Nelle foto: alcune donne durante le commemorazioni della strage mostrano le foto dei loro cari vittime del massacro
Il 16 dicembre 1982, l’Assemblea Generale delle Nazioni Unite con una risoluzione condannò il massacro, definendolo un atto di genocidio. L’8 febbraio 1983, la Commissione Kahan, istituita dal governo israeliano stesso, giunse alla conclusione che i diretti responsabili dei massacri erano state le falangi libanesi, guidate da Elie Hobeika. Hobeika non fu mai processato e durante gli anni novanta fu più volte deputato e ministro in vari Governi libanesi, avvicinandosi sempre più alla Siria. Morì il 24 gennaio 2002 in un attentato.

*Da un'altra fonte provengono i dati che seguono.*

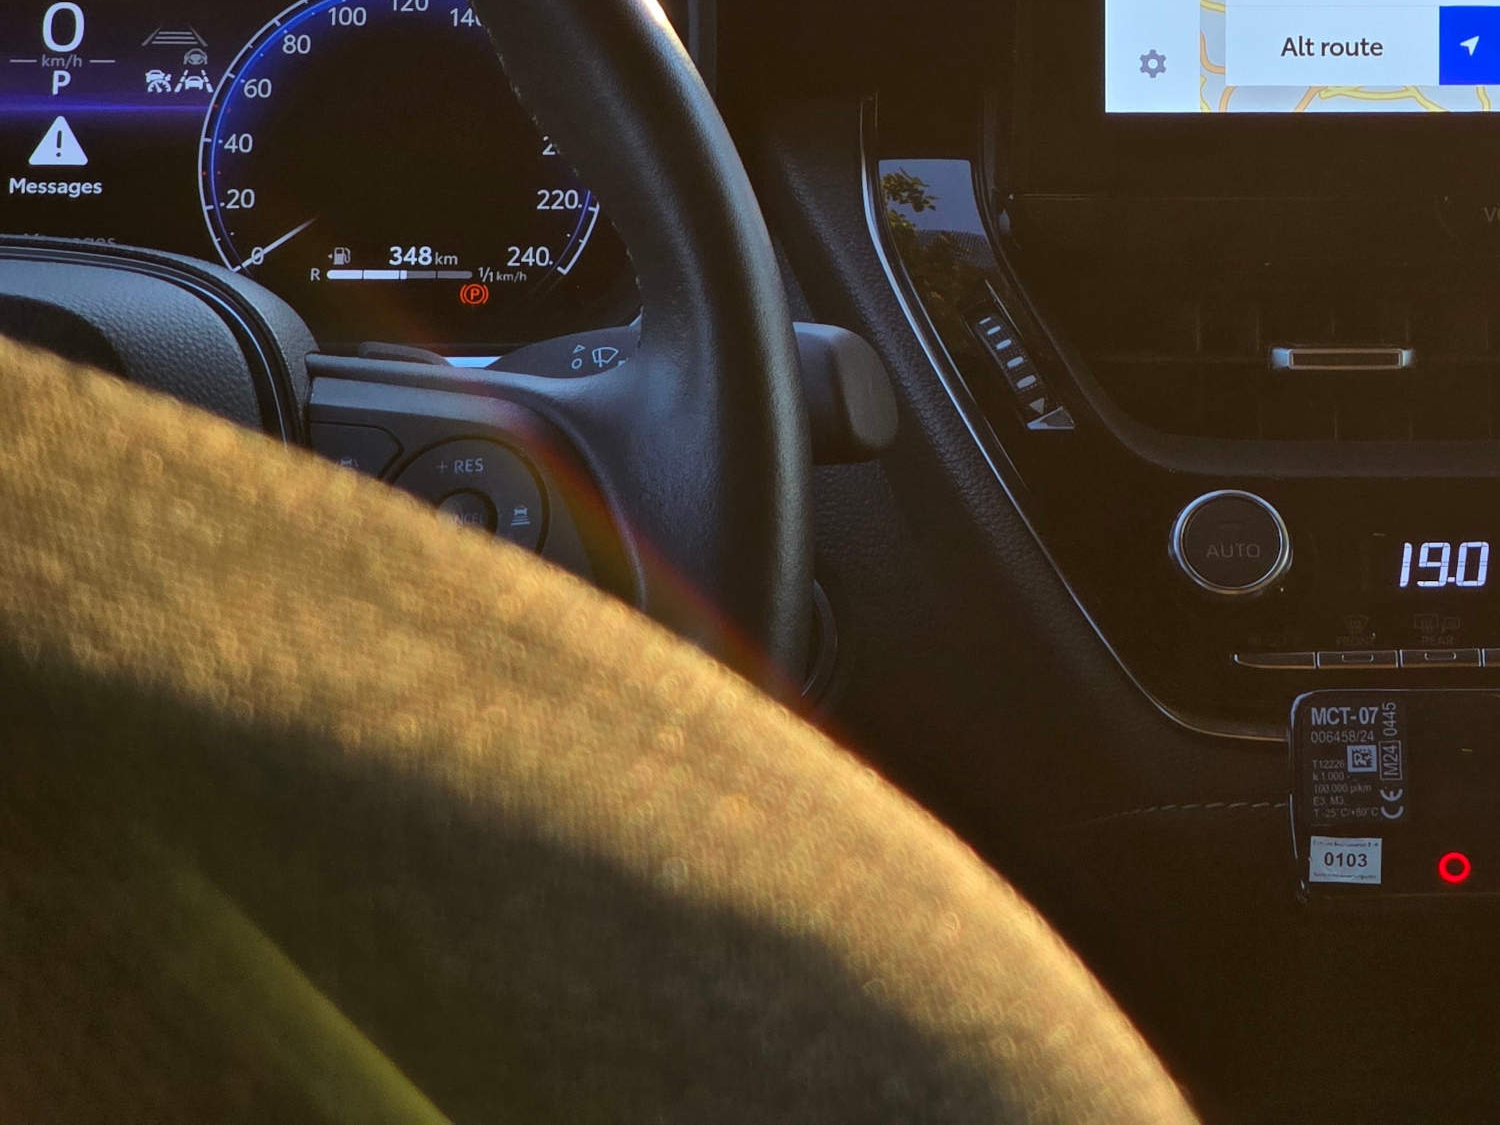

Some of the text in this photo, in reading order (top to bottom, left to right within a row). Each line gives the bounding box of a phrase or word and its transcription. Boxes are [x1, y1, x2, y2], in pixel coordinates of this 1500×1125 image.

La stessa Commissione ammise la responsabilità indiretta del Primo Ministro israeliano Menachem Begin, del Ministro della Difesa Ariel Sharon, del Capo di Stato Maggiore Rafael Eitan e di altri ufficiali per aver ignorato quanto stava accadendo e non aver cercato di fermare il massacro. La Commissione suggerì inoltre le dimissioni di Sharon, mai attuate. Il 31 dicembre 1983, durante il discorso di fine anno, il Presidente della Repubblica Italiana Sandro Pertini, dopo essere stato a Sabra e Chatila, condannò con dure parole gli esecutori dell’eccidio di massa: «Io sono stato nel Libano. Ho visto i cimiteri di Sabra e Chatila. E’ una cosa che angoscia vedere questo cimitero dove sono sepolte le vittime di quell’orrendo massacro. Il responsabile dell’orrendo massacro è ancora al governo in Israele. E quasi va baldanzoso di questo massacro compiuto. E’ un responsabile cui dovrebbe essere dato il bando dalla società». A 33 anni di distanza, invece, i colpevoli del brutale eccidio rimangono ancora impuniti e le vittime, i palestinesi, ancora senza pace e senza giustizia.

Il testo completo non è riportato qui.